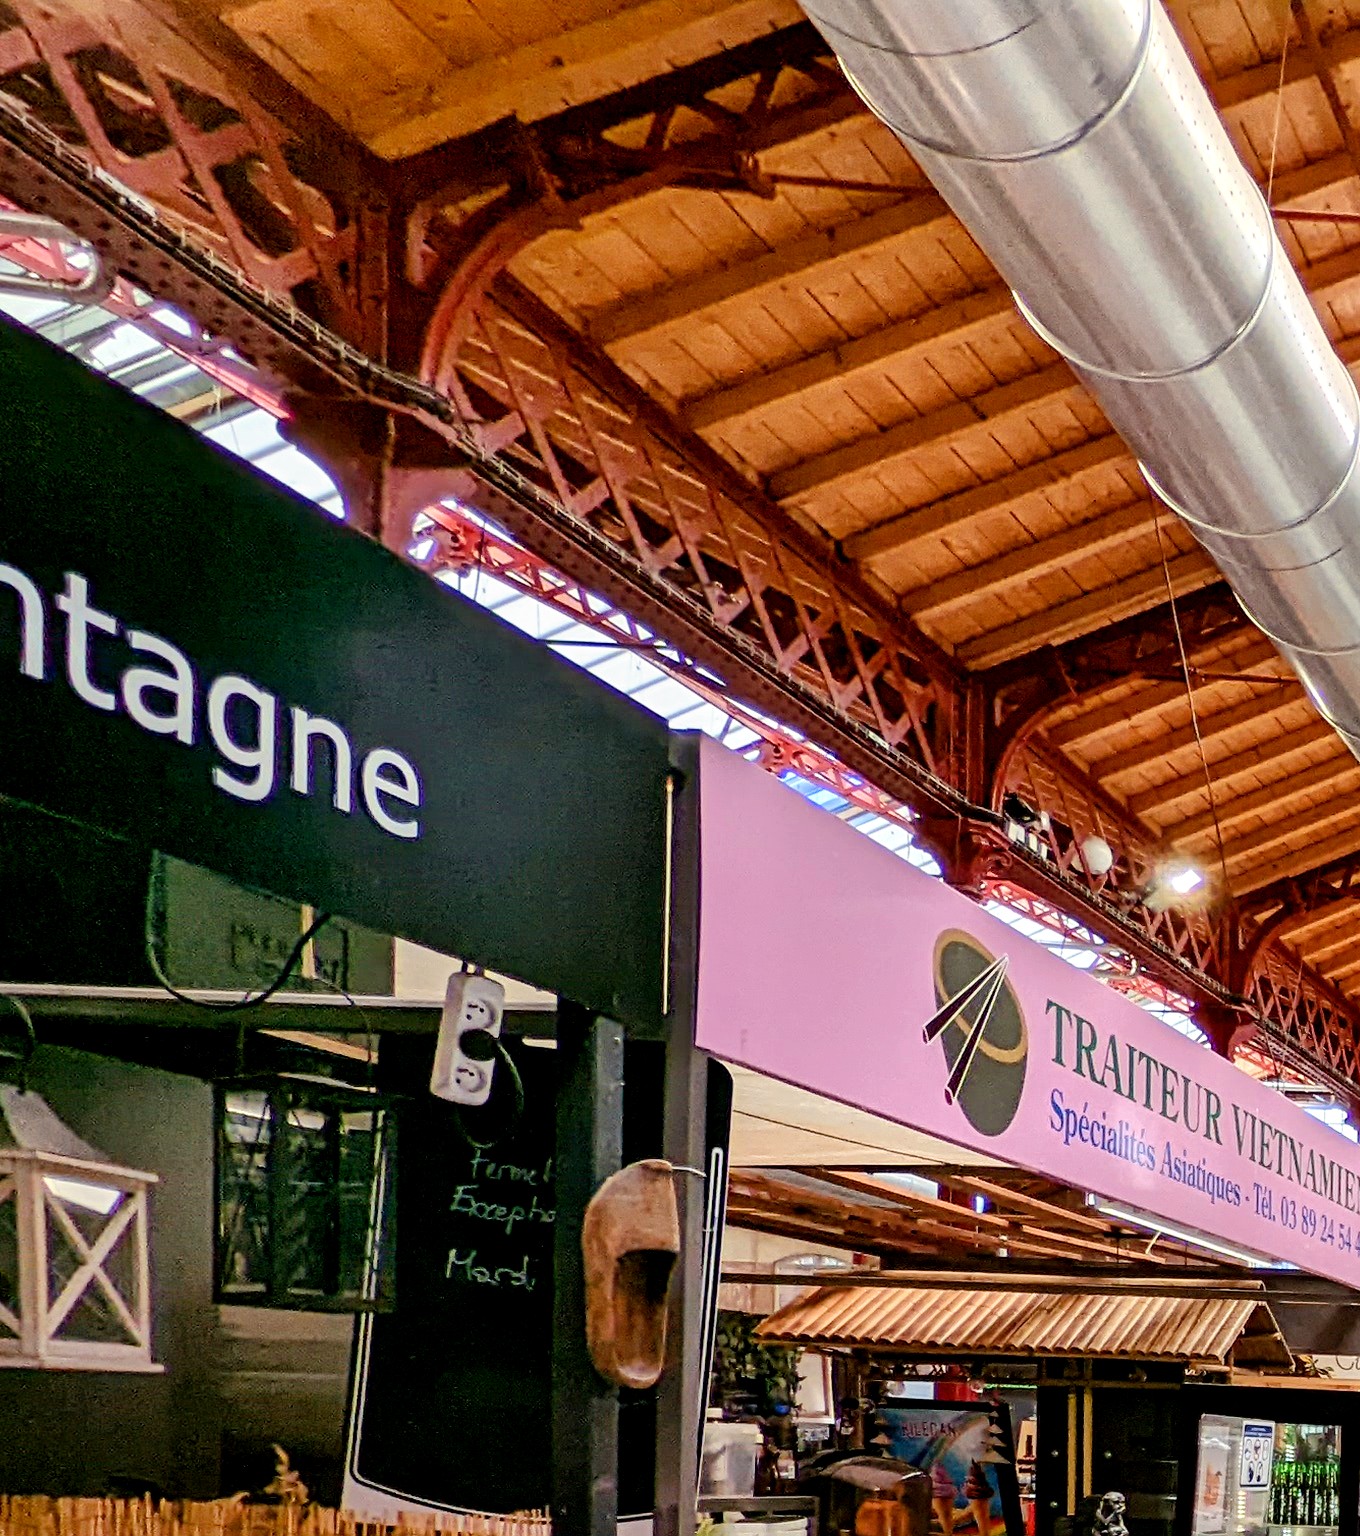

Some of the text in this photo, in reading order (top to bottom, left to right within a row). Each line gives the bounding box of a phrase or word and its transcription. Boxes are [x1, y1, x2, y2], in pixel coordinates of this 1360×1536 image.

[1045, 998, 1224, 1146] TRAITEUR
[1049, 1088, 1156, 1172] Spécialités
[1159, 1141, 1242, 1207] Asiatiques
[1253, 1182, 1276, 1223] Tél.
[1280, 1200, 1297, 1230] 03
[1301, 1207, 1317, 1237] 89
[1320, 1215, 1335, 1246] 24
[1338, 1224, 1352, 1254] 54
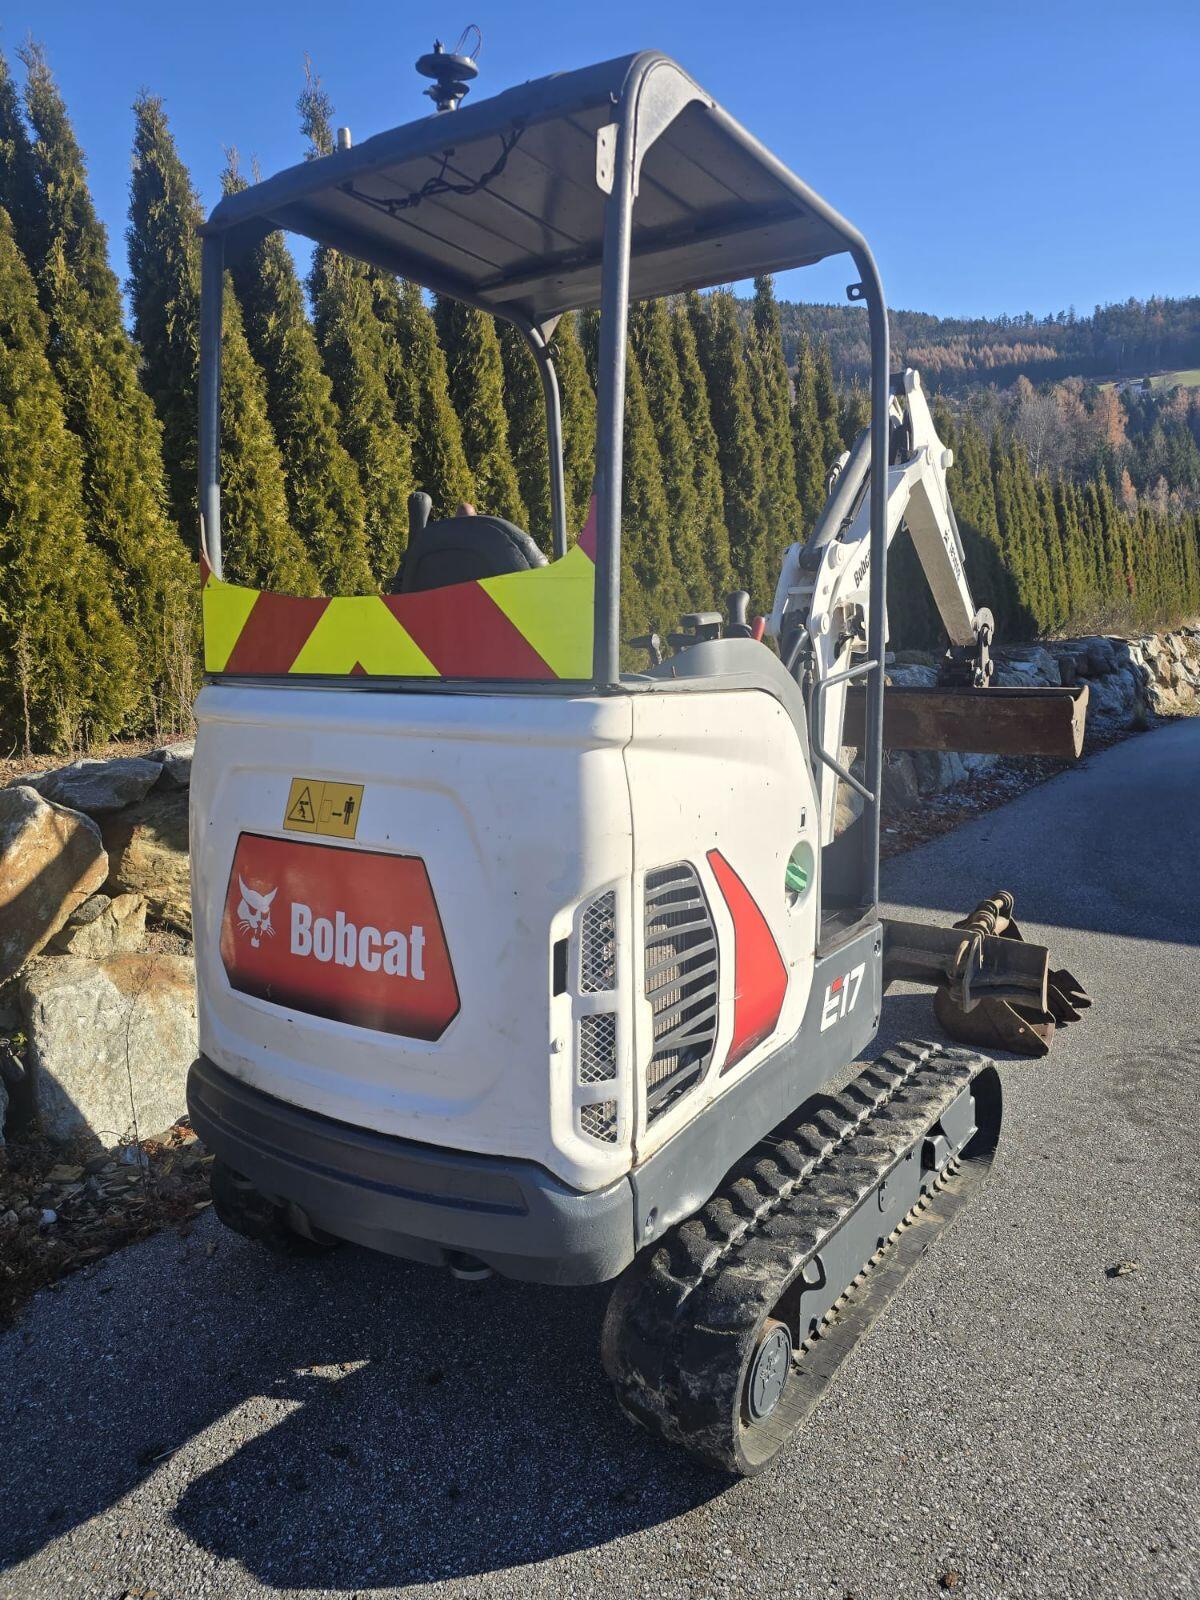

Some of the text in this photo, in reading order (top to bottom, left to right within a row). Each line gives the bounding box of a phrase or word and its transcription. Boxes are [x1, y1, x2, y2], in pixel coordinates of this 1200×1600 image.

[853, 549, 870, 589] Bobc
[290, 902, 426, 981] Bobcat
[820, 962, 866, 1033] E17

• • • • •

Those lines from the one with "this 1200×1600 image." through the last line of the material above are to be retyped exactly, with nothing else.

Task result.
Some of the text in this photo, in reading order (top to bottom, left to right within a row). Each line gives the bounding box of a phrase or word and its transcription. Boxes are [x1, y1, x2, y2], in pixel coordinates of this 1200×1600 image.

[853, 549, 870, 589] Bobc
[290, 902, 426, 981] Bobcat
[820, 962, 866, 1033] E17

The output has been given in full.